*** Opening of Supplied material ***
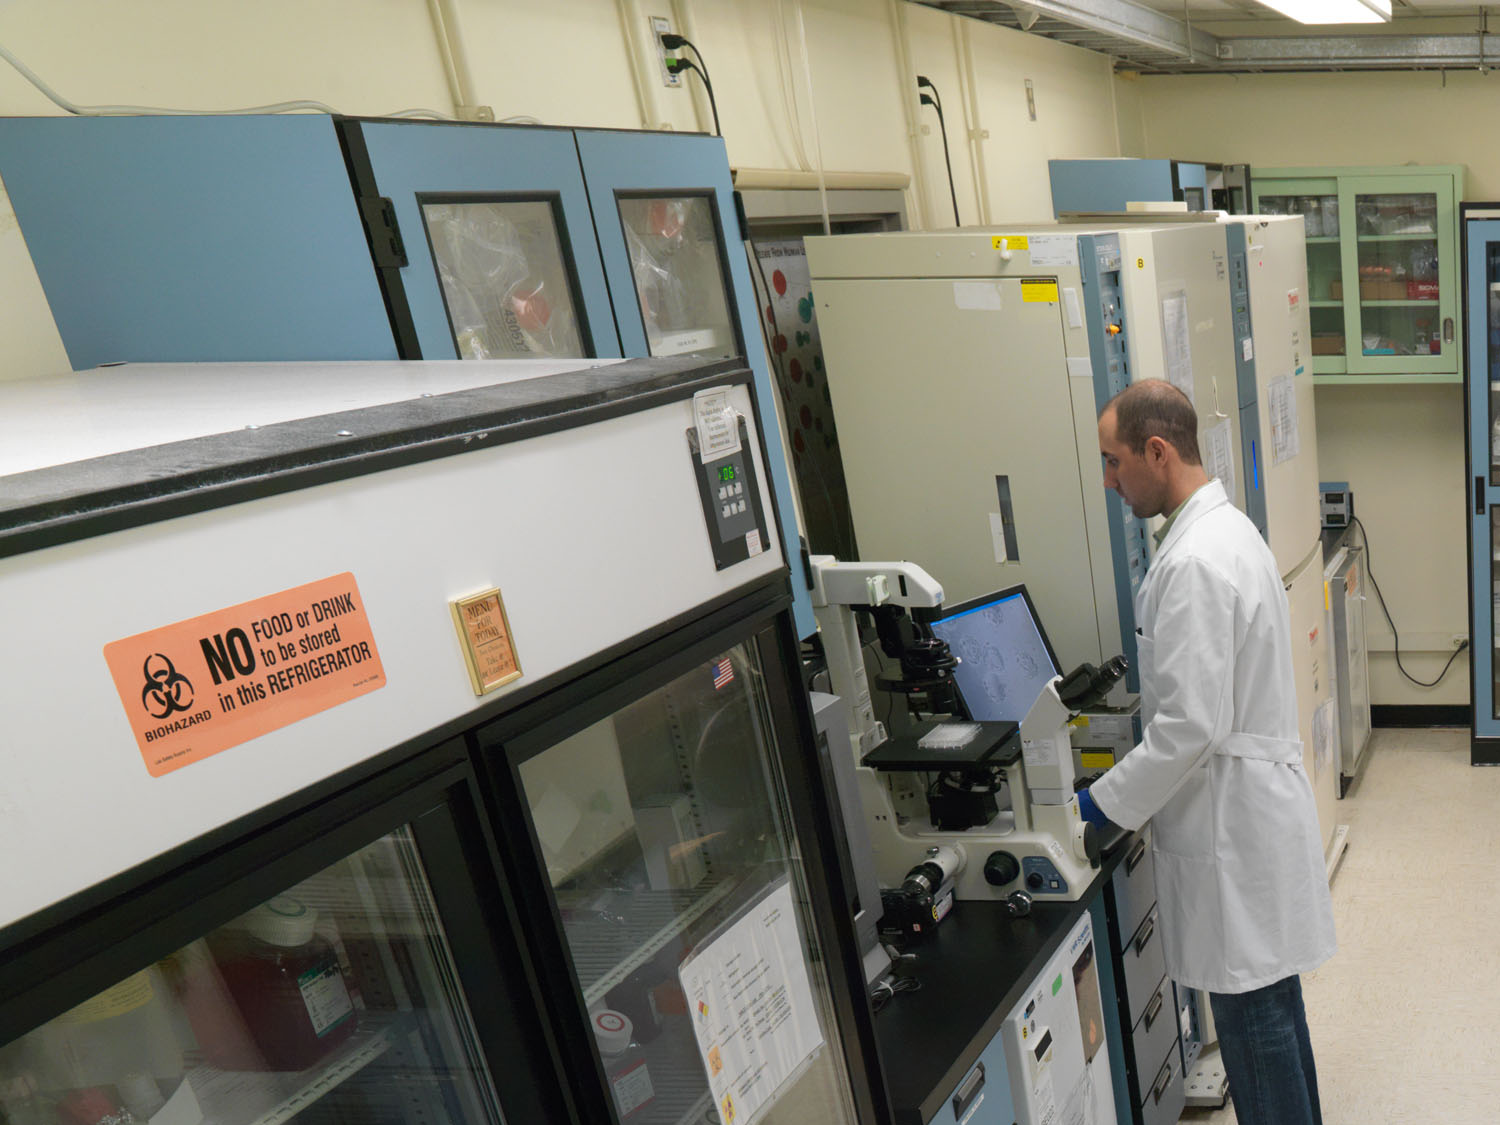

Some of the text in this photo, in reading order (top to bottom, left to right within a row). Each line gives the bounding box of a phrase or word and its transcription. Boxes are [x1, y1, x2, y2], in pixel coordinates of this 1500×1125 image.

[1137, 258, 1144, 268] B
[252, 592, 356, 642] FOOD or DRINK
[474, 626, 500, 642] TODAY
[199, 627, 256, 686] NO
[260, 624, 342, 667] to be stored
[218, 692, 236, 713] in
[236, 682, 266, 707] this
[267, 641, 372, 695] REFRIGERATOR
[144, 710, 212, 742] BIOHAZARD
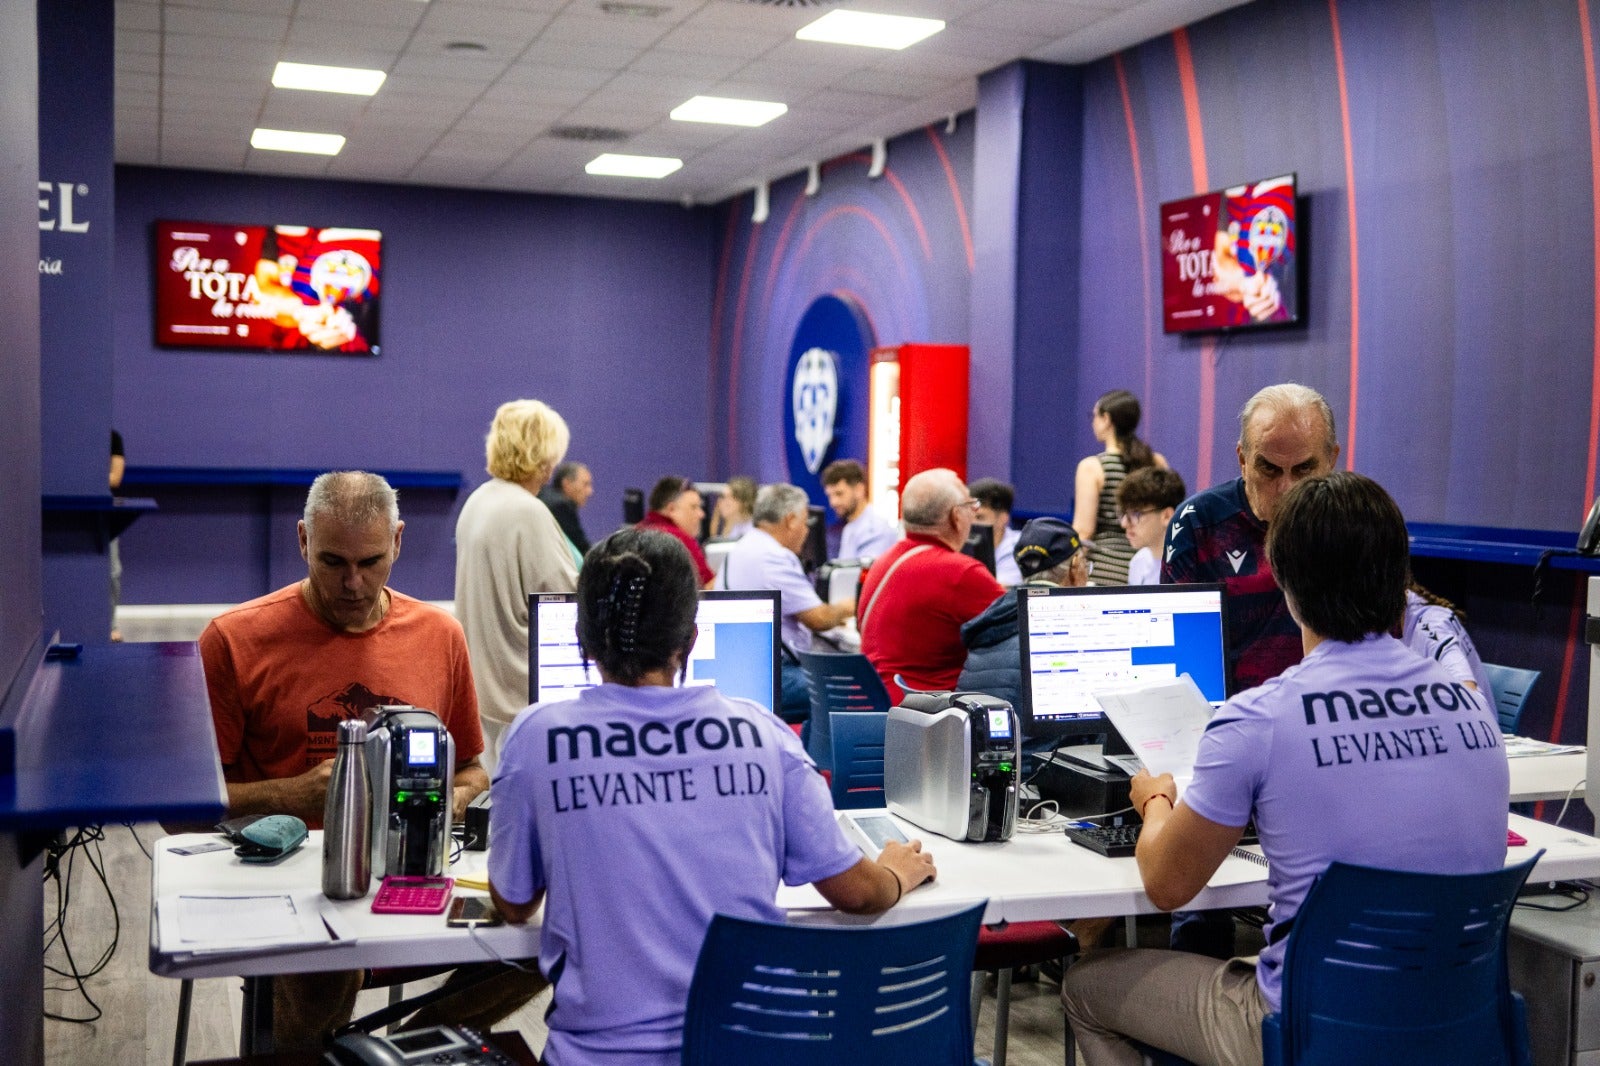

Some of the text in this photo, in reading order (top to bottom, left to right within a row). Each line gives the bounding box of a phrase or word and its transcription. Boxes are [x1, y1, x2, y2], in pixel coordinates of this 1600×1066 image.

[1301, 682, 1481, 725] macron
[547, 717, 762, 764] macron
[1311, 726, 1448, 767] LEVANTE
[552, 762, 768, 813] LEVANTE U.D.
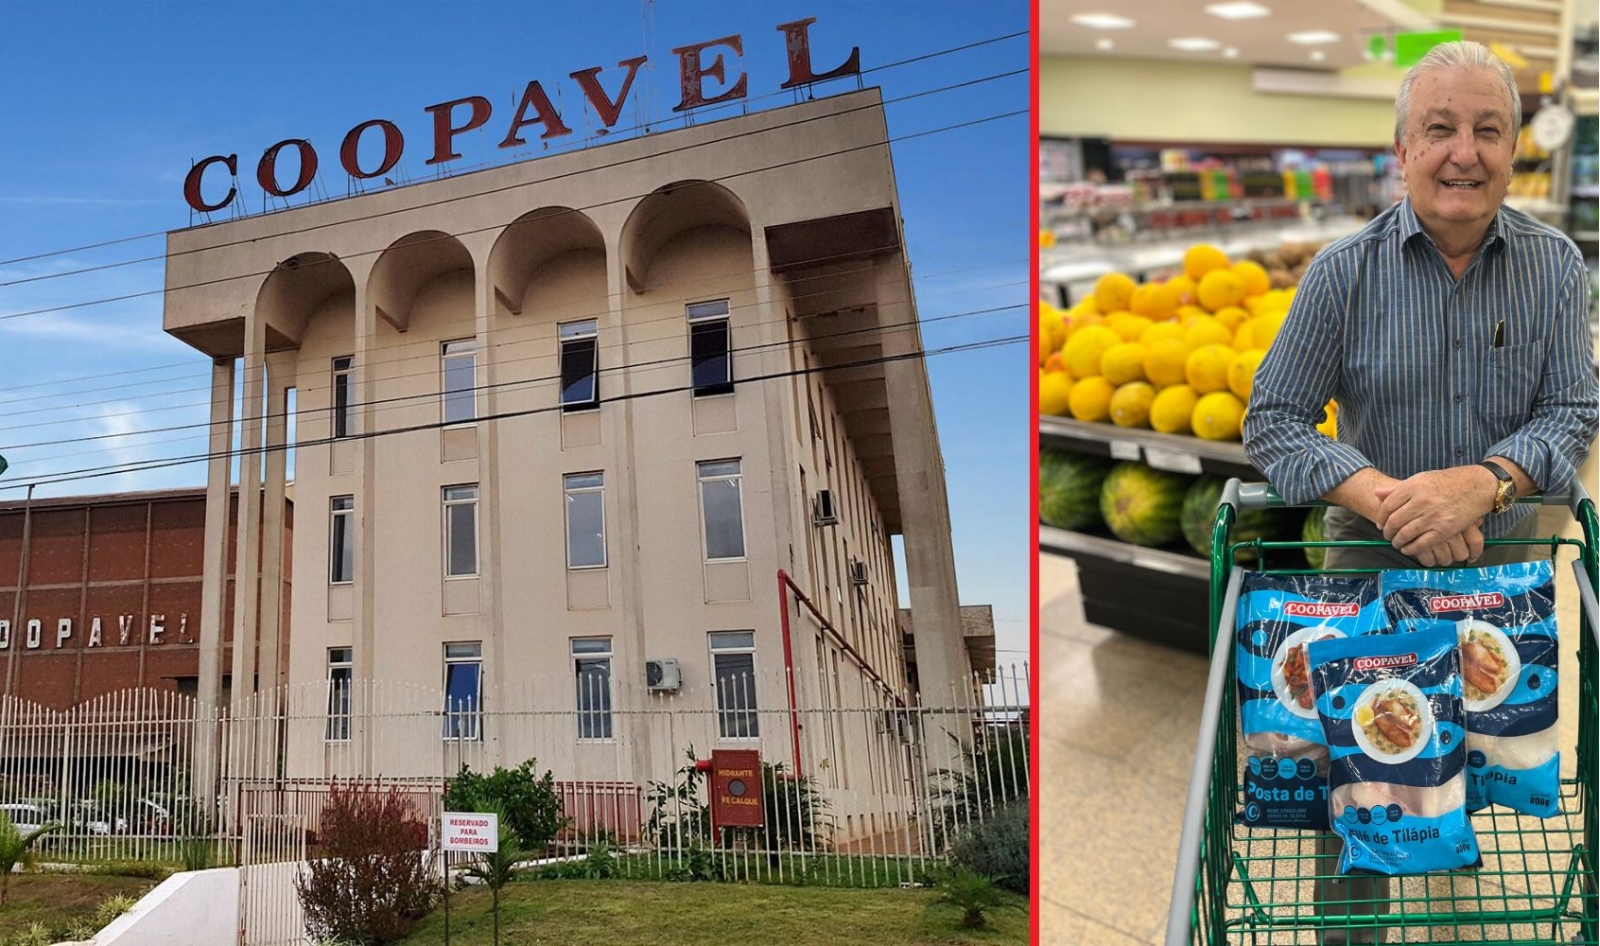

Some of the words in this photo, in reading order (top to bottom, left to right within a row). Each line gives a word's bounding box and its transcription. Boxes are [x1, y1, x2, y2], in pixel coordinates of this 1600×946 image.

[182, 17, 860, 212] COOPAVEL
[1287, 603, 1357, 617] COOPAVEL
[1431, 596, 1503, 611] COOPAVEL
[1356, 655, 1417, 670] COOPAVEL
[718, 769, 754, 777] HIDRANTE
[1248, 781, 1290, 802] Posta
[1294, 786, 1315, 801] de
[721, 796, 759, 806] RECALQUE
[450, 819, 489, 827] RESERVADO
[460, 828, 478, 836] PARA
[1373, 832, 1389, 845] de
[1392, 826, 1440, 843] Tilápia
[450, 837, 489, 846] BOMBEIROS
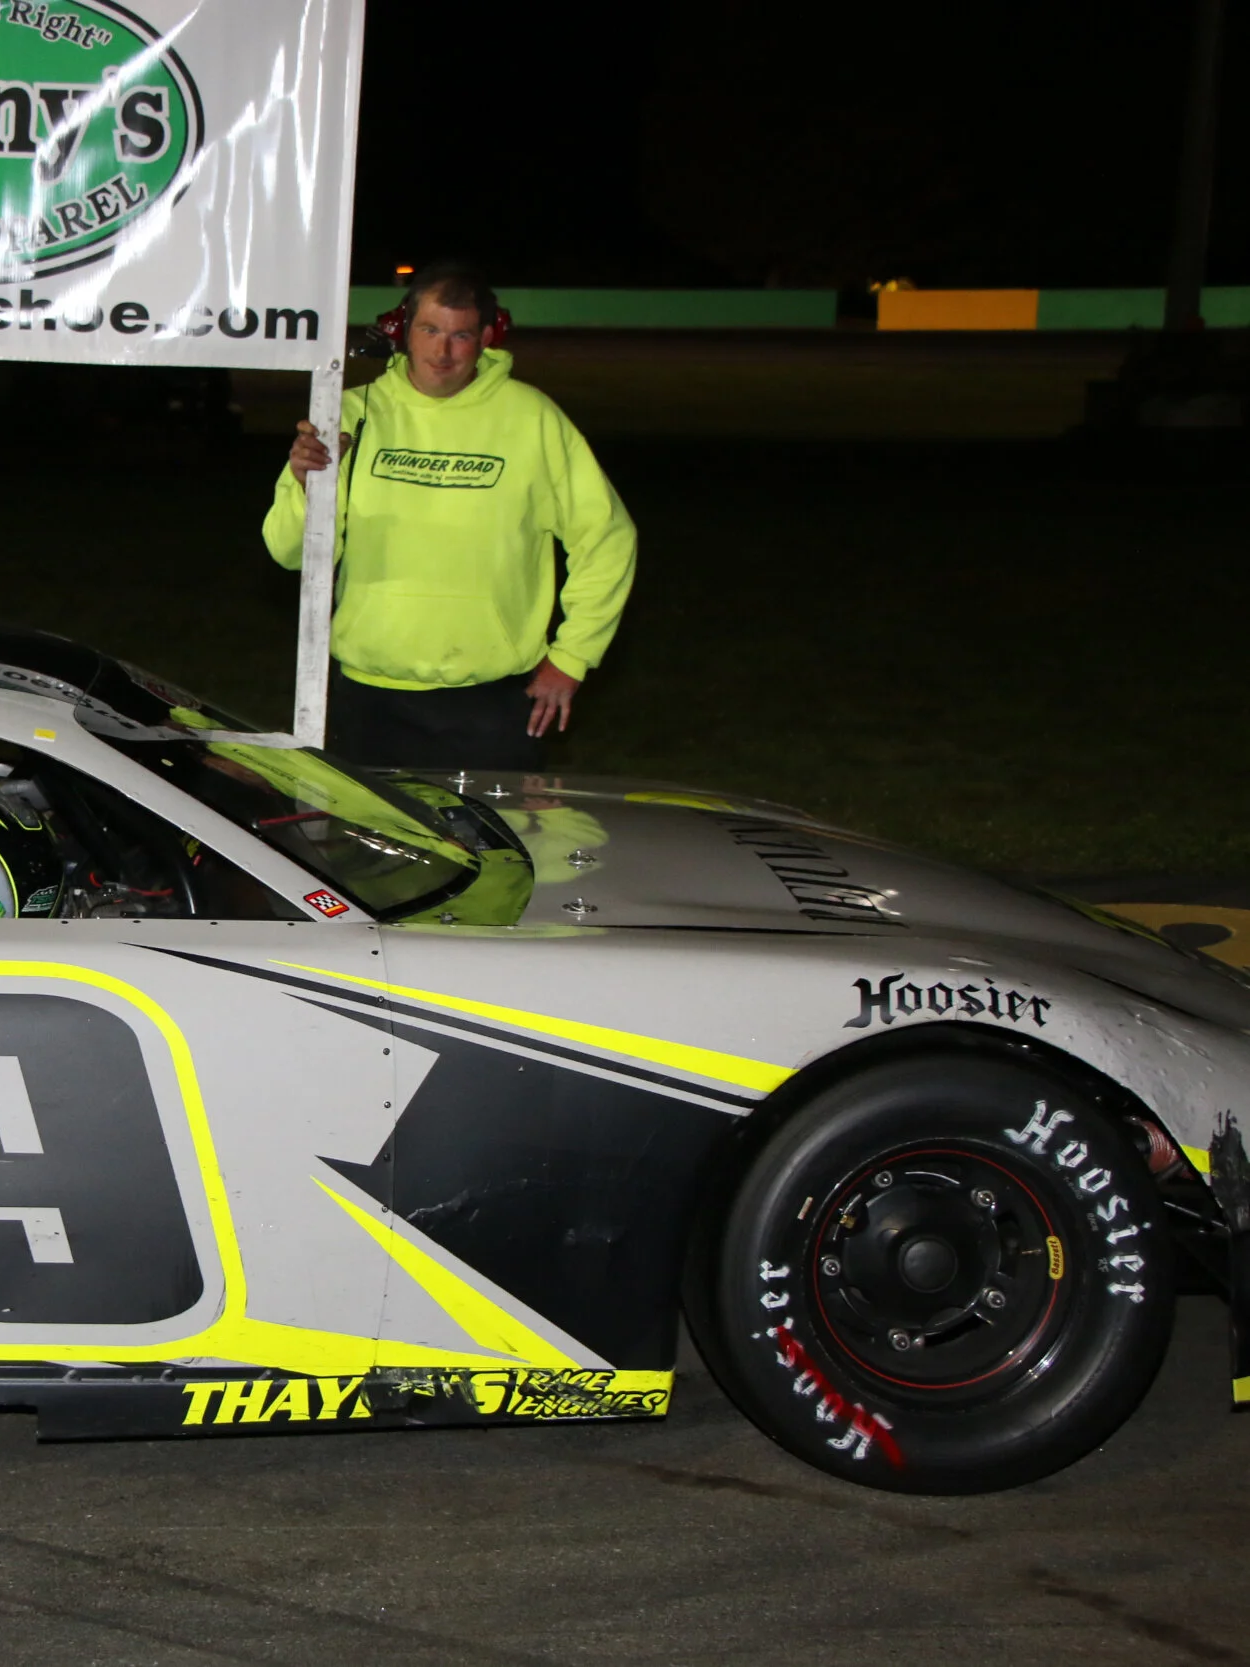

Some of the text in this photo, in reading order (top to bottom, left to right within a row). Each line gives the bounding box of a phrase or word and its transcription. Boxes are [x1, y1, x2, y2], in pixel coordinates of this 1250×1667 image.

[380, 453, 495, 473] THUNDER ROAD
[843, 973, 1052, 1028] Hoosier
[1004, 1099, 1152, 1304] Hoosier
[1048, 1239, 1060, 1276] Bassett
*** Close of Supplied material ***
- [Required work]: In the material above, the line with "this 1250×1667 image." marks the start. Print it and every line after it through the last, exactly.

- [Exercise answer]:
Some of the text in this photo, in reading order (top to bottom, left to right within a row). Each line gives the bounding box of a phrase or word and its transcription. Boxes are [x1, y1, x2, y2], in pixel coordinates of this 1250×1667 image.

[380, 453, 495, 473] THUNDER ROAD
[843, 973, 1052, 1028] Hoosier
[1004, 1099, 1152, 1304] Hoosier
[1048, 1239, 1060, 1276] Bassett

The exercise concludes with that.